((

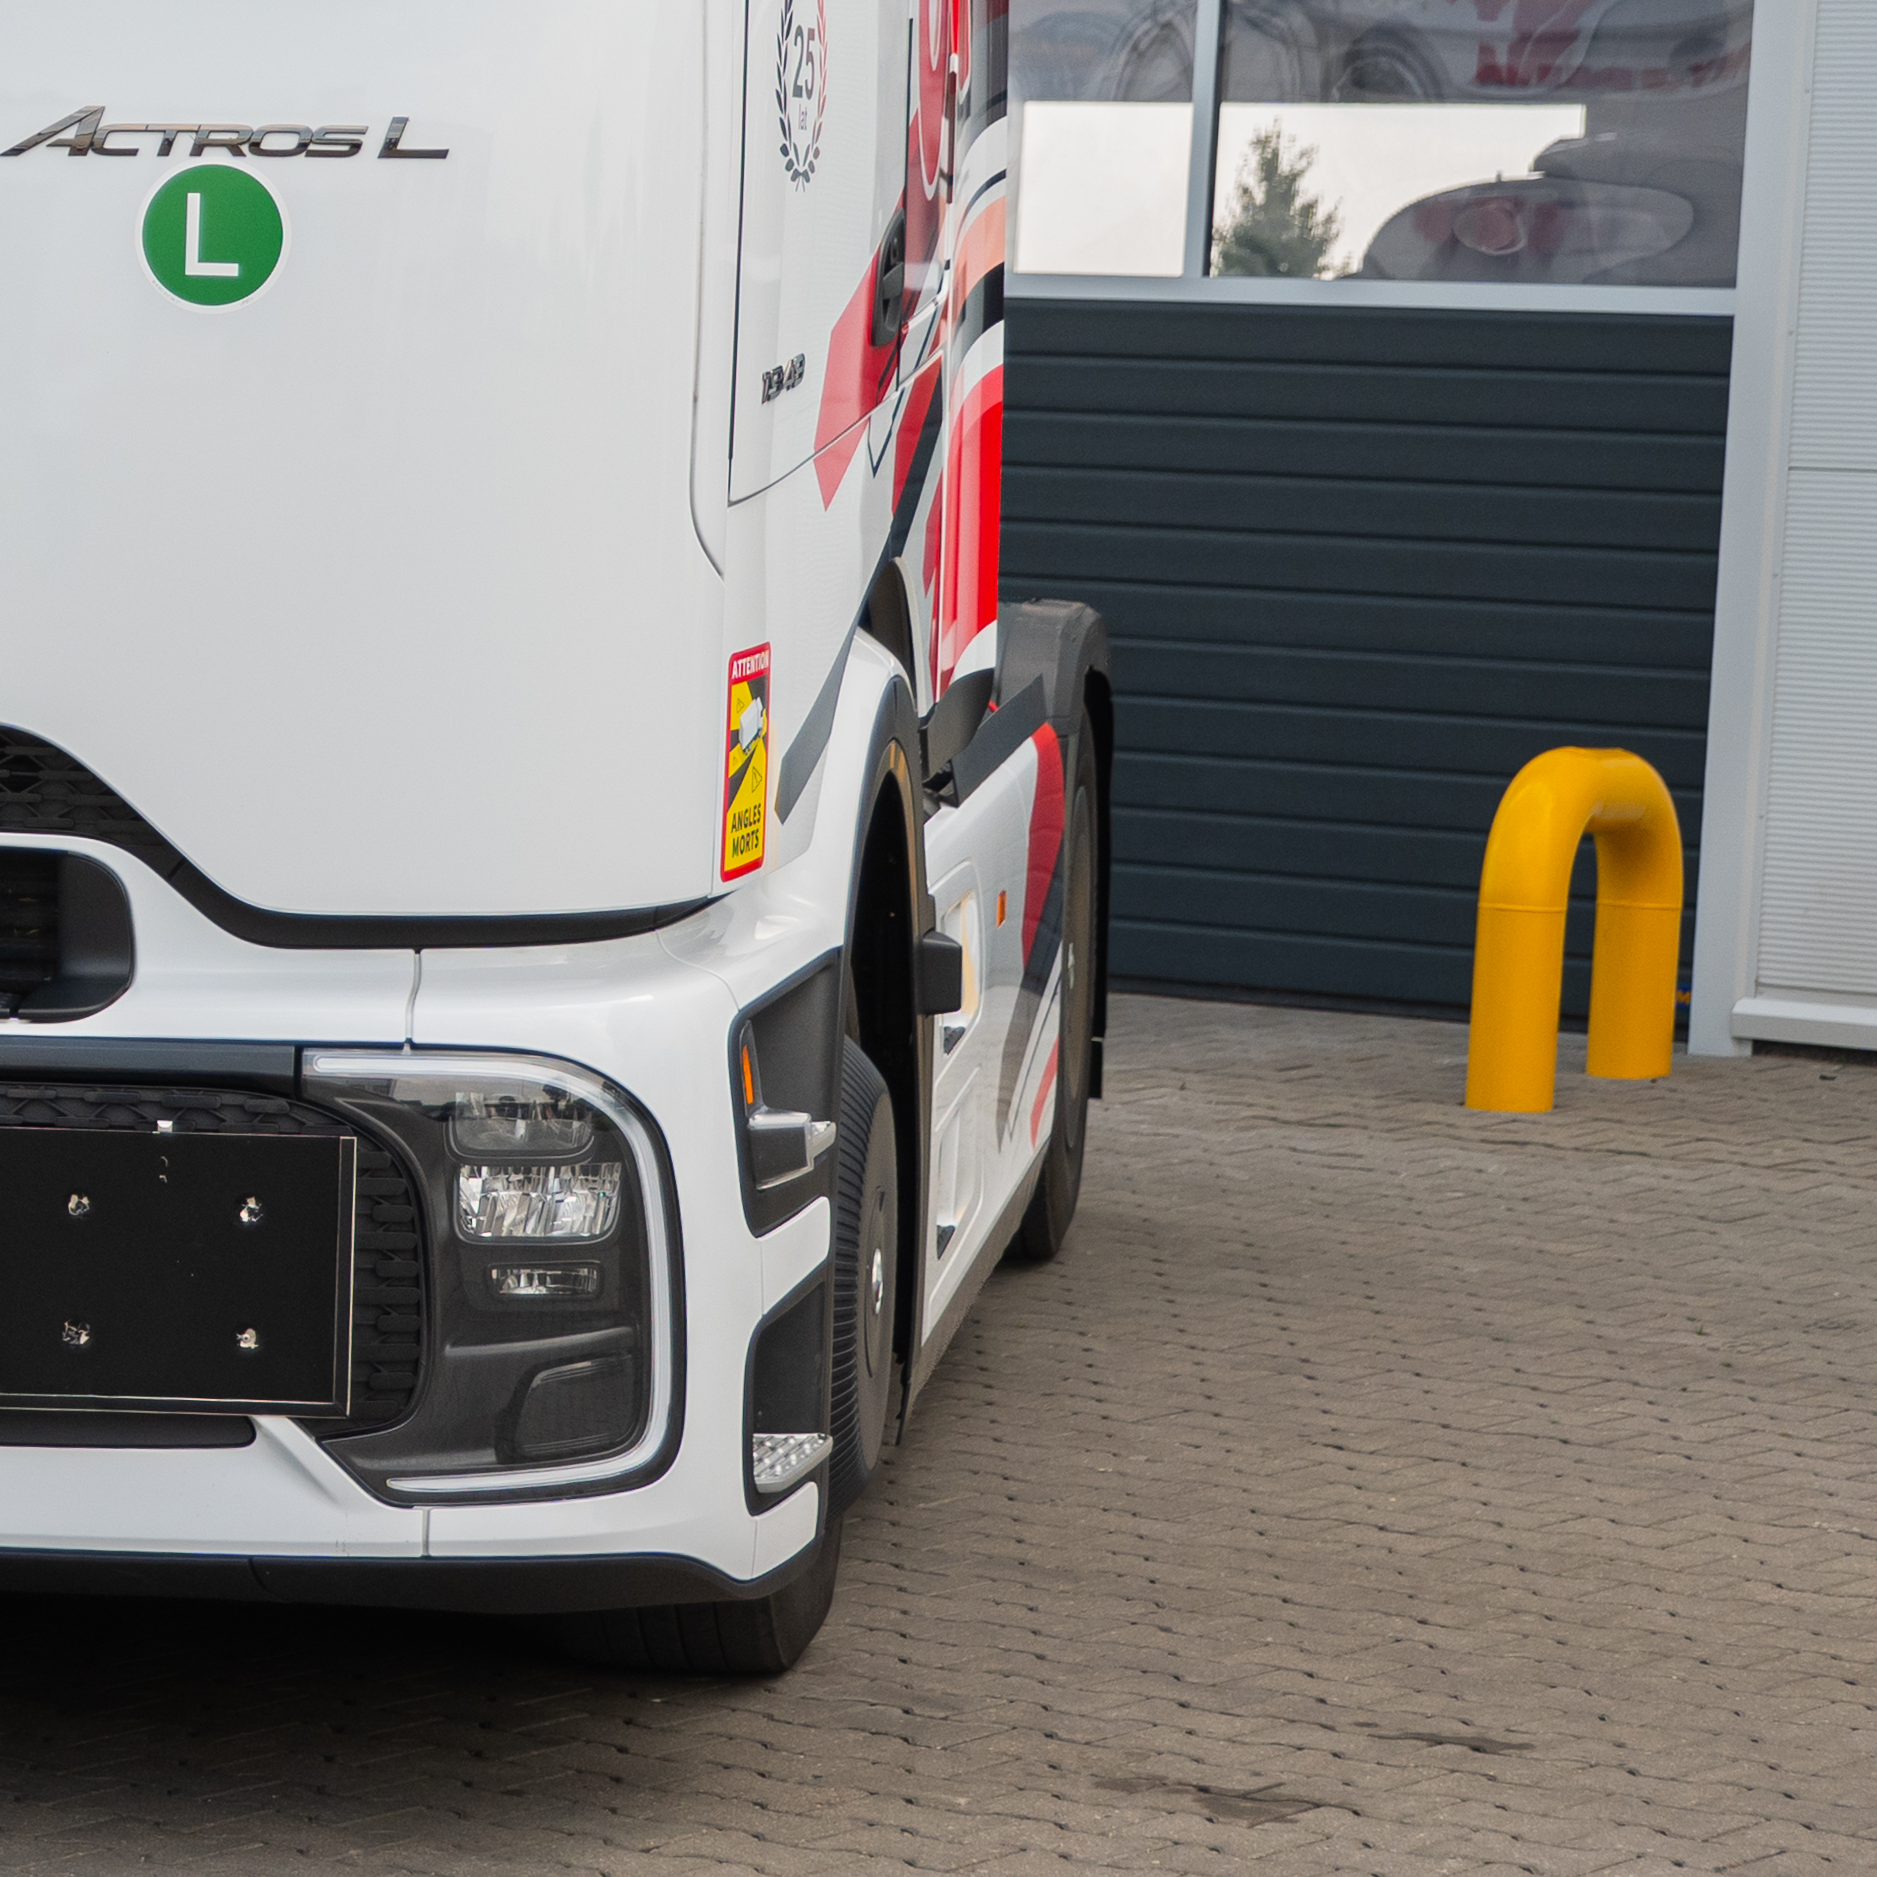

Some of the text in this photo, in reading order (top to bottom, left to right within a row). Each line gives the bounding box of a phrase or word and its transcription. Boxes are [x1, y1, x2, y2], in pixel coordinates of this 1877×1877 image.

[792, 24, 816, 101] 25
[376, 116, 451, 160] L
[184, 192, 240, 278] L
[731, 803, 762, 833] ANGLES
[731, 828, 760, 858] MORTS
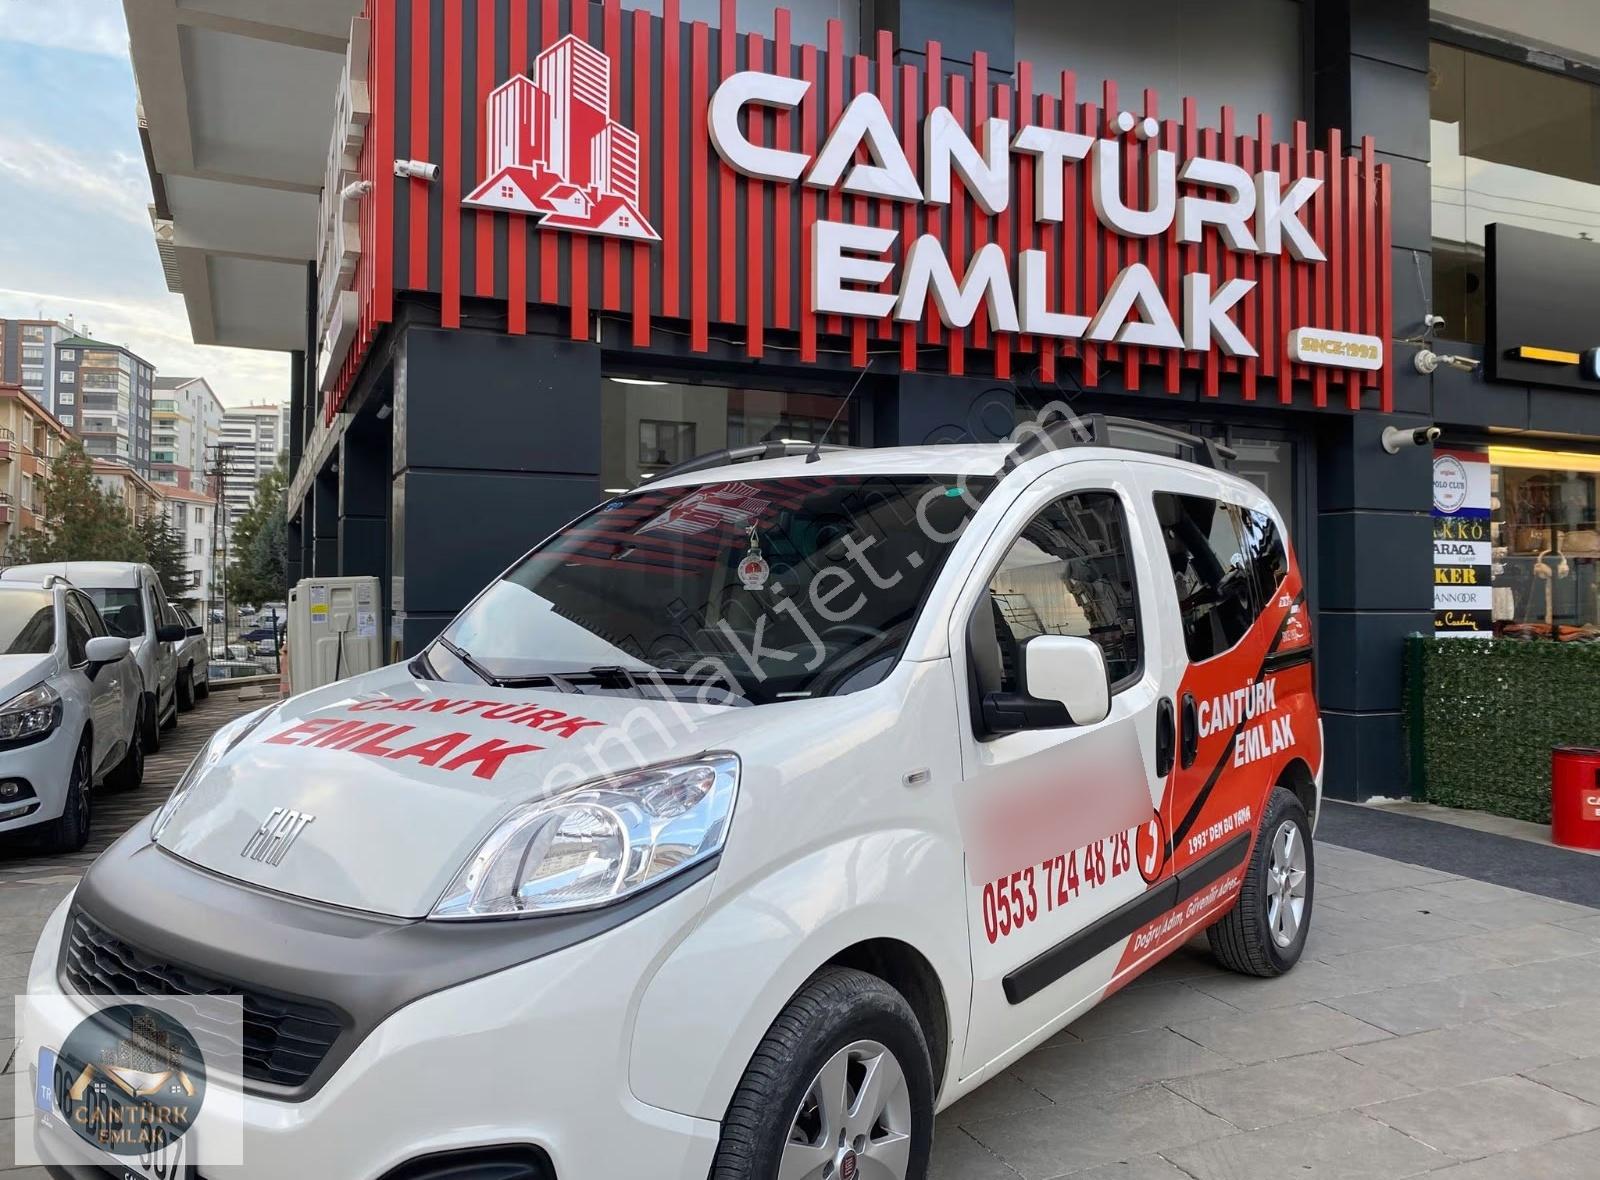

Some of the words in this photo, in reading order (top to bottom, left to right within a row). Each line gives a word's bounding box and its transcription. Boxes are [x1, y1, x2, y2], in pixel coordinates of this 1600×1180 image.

))

• WHAT THE TASK REQUIRES: Line by line, output the material above exactly, passing over the pictures.

• FINISHED TASK:
Some of the text in this photo, in reading order (top to bottom, left to right within a row). Each line gives the bounding box of a phrase or word and its transcription. Boxes are [x1, y1, x2, y2], in pixel coordinates of this 1877×1877 image.

[792, 24, 816, 101] 25
[376, 116, 451, 160] L
[184, 192, 240, 278] L
[731, 803, 762, 833] ANGLES
[731, 828, 760, 858] MORTS

Some of the words in this photo, in reading order (top to bottom, left to right within a row). Each line gives a word's bounding box and its transcription. Boxes are [x1, y1, x2, y2], in pixel coordinates of this 1600×1180 image.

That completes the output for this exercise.